Taking a softer tone than that of his predecessor Rudolph Giuliani, Bloomberg said he will use his personal style of business to reach a deal with union officials from the police, fire, and education sectors of the civil service.

"I tend to sit down and talk with people and break bread with people and try to develop relationships. That's always stood me in good stead in the past and that's the way to go forward," he said on CBS's The Early Show.

But reaching a deal may require some creative solutions since the city is in a tough financial situation following the Sept. 11 terror attacks, Bloomberg said.

The 59-year-old political novice enters office faced with three consecutive years of budget gaps greater than $3 billion, an underperforming 1.1-million student school system and a citizenry still jittery from the Sept. 11 terrorist attack, subsequent anthrax attacks and countless false alarms.

"I think we're going to have to find some ways whether it is payment later on for services now, or adjusting pensions so that people still get their monies," Bloomberg said. He said it may be necessary to cut the size of the uniformed services through attrition.

He also reiterated the promise he made at his New Year's Day inauguration to cut his own staff by 20 percent and urged other city departments to make similar sacrifices.  The challenge was not met well on Tuesday when scattered boos greeted the proposal from the politically connected audience outside City Hall.

On Wednesday, Bloomberg said he wanted to erect a memorial at the World Trade Center site for the nearly 3,000 people lost in the Sept. 11 attack. He also wants some of the 16-acre site to be used for offices, schools or housing.

Bloomberg said he would follow through on his campaign promises to make education and affordable housing top priorities, and he suggested he may find room in the budget for Giuliani's $1.6 billion plan to build new baseball stadiums for the New York Mets and New York Yankees.

Bloomberg has taken three oaths of office to become mayor, the first on Monday afternoon before the city clerk. The second swearing in was an honorary event by Giuliani done in the middle of Times Square just minutes after the crystal ball dropped to signal the beginning of 2002.  An official ceremony was performed by chief judge of New York State, Judith Kaye on Tuesday.

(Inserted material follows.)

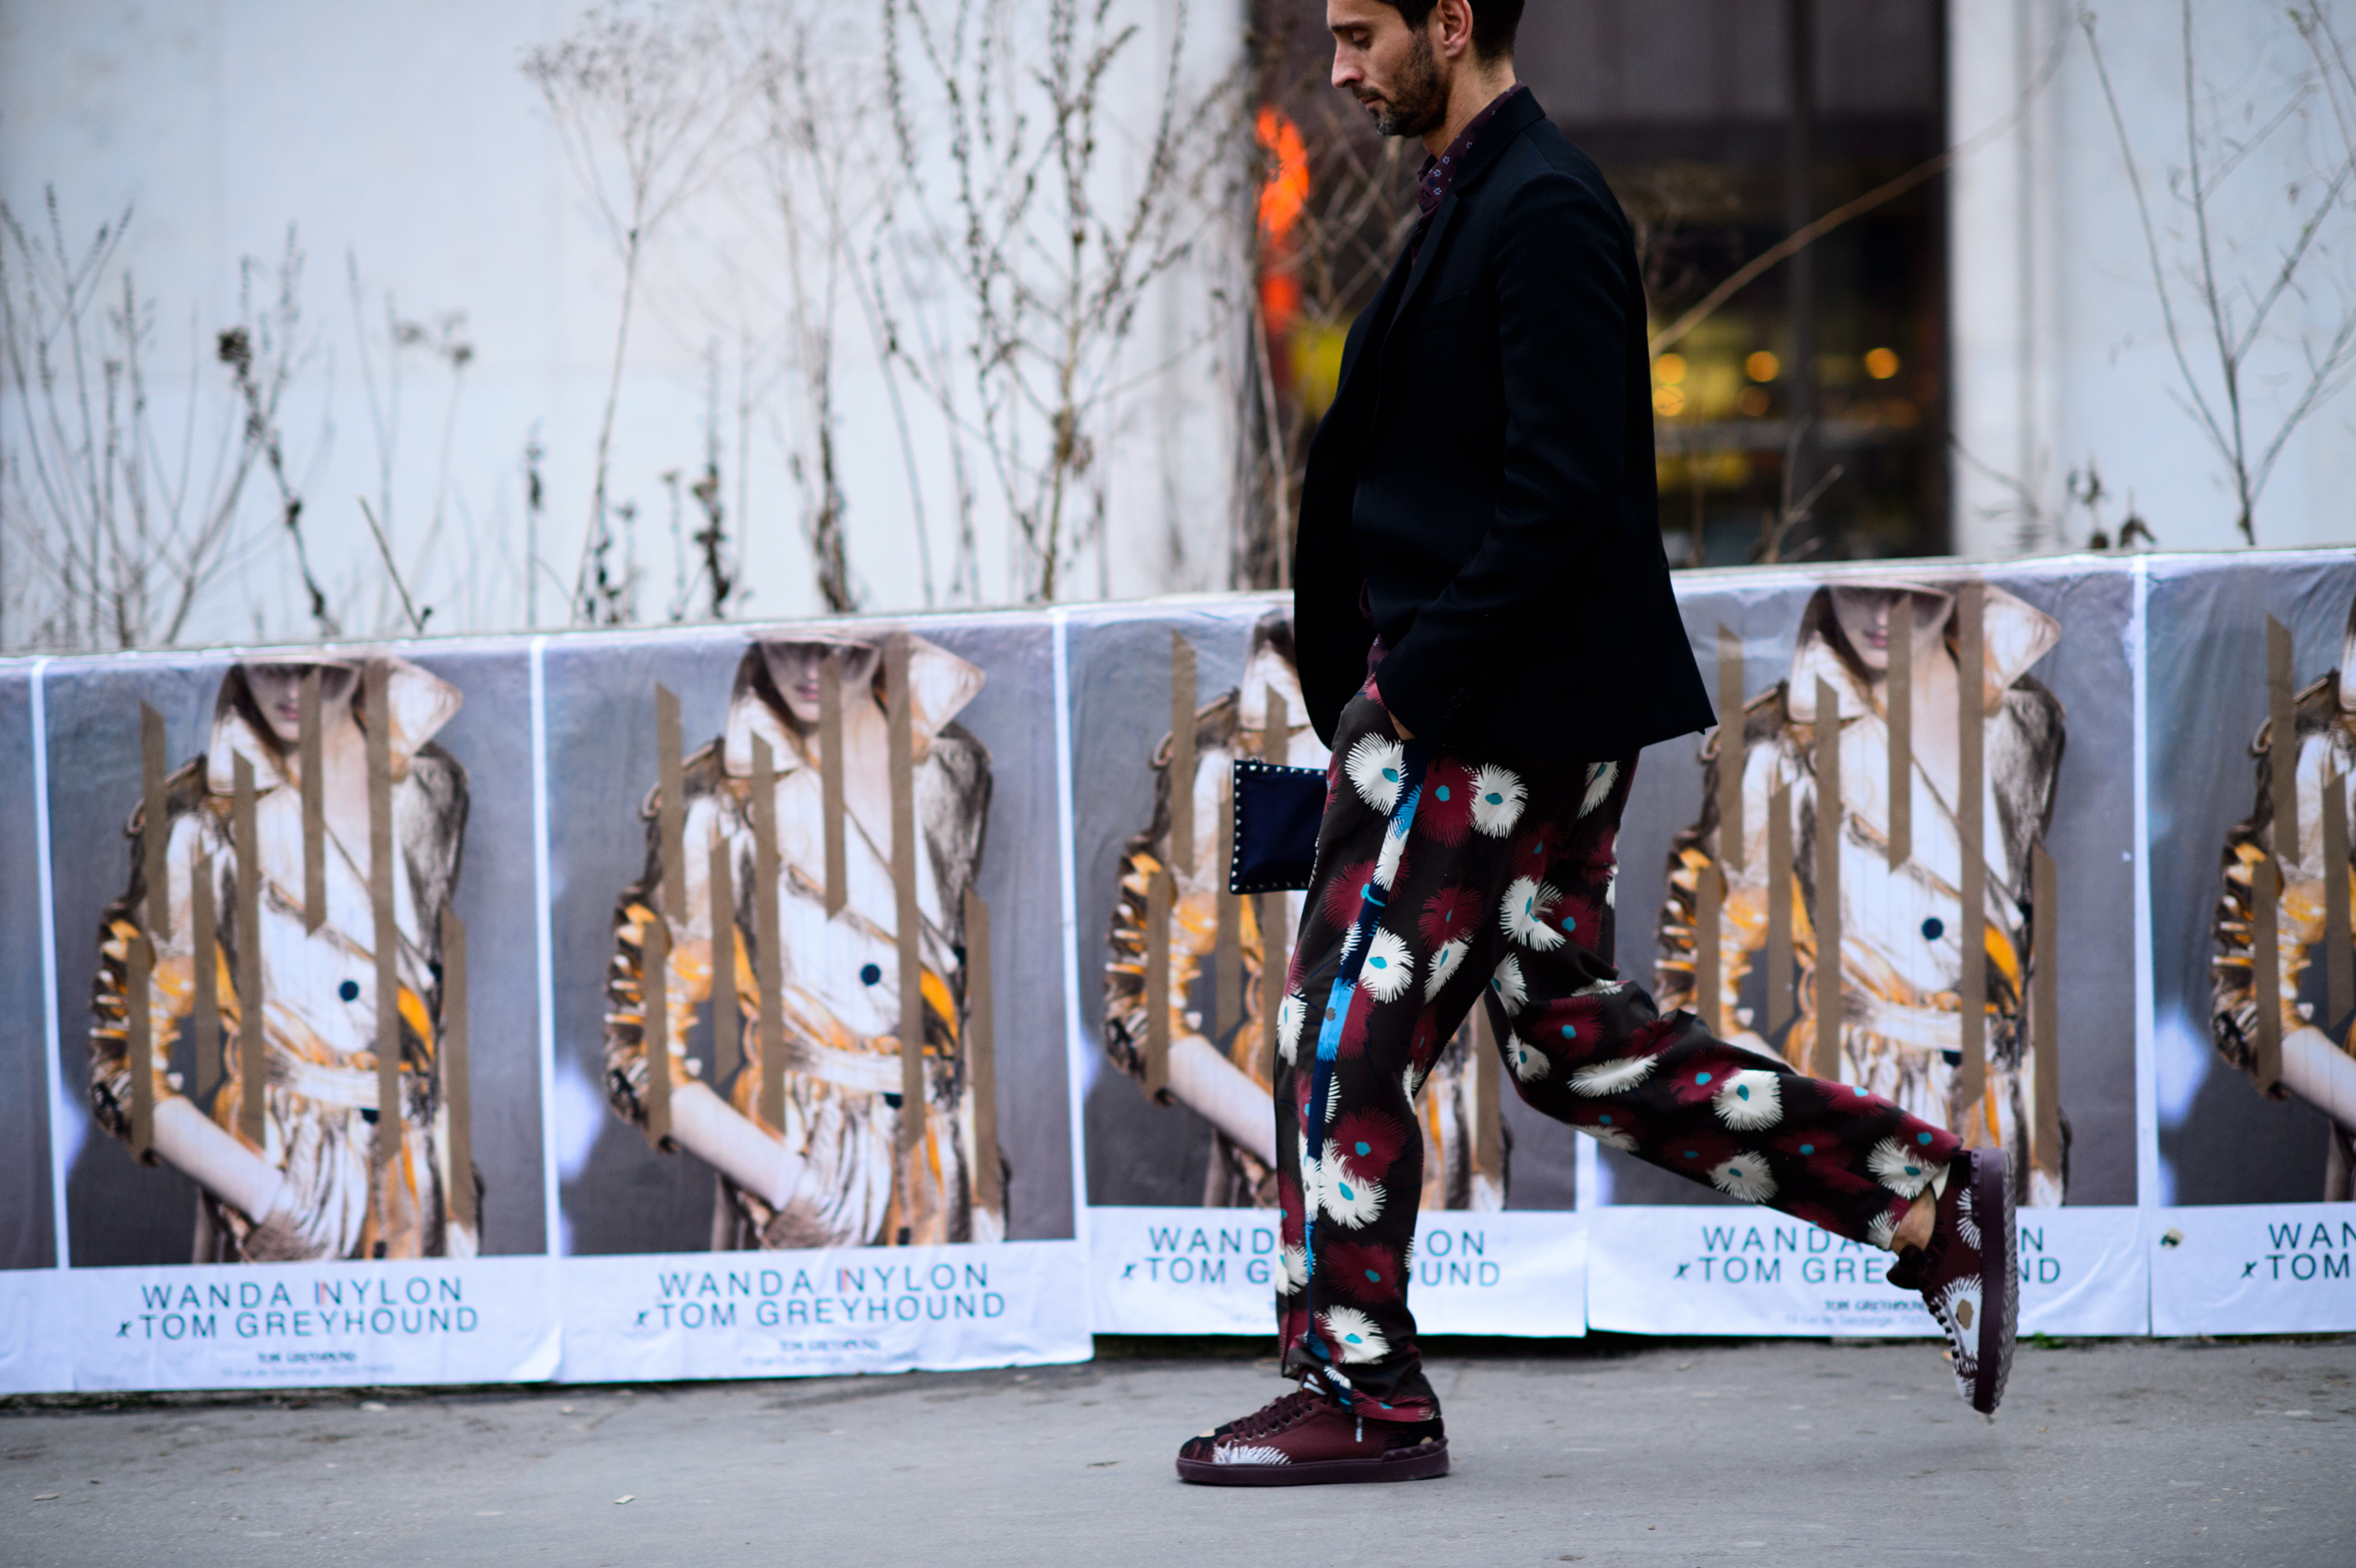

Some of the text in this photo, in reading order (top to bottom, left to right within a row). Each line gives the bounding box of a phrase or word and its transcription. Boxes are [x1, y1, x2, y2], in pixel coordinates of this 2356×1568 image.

In that noontime ceremony, a giant American flag unfurled behind the podium after Bloomberg stepped outside from the doors of City Hall to become the city's 108th mayor. Bloomberg wore an American flag pin on the lapel of his dark overcoat in the freezing weather.

More than 4,000 invited guests braved the weather for the inaugural, including Democratic Sens. Hillary Clinton and Chuck Schumer and former mayors David Dinkins and Ed Koch. Bette Midler sang the national anthem and several religious leaders offered prayers. Jazz musician Wynton Marsalis, who played the trumpet, could be seen during the ceremony doing lip exercises before performing in the frigid weather.

Bloomberg, who has never held public office, made his fortune on Wall Street and from the Bloomberg L.P. media company.  He spent $69 million of his own money in his bid to succeed Giuliani. Bloomberg has said he would take a salary of $1 a year rather than the $195,000 pay.

Giuliani, who could not run for a third term because of term limits, will open Giuliani Partners, a consulting firm that will have a strategic partnership with accounting firm Ernst & Young.  He will employ several of his top aides.

The Associated Press contributed to this report.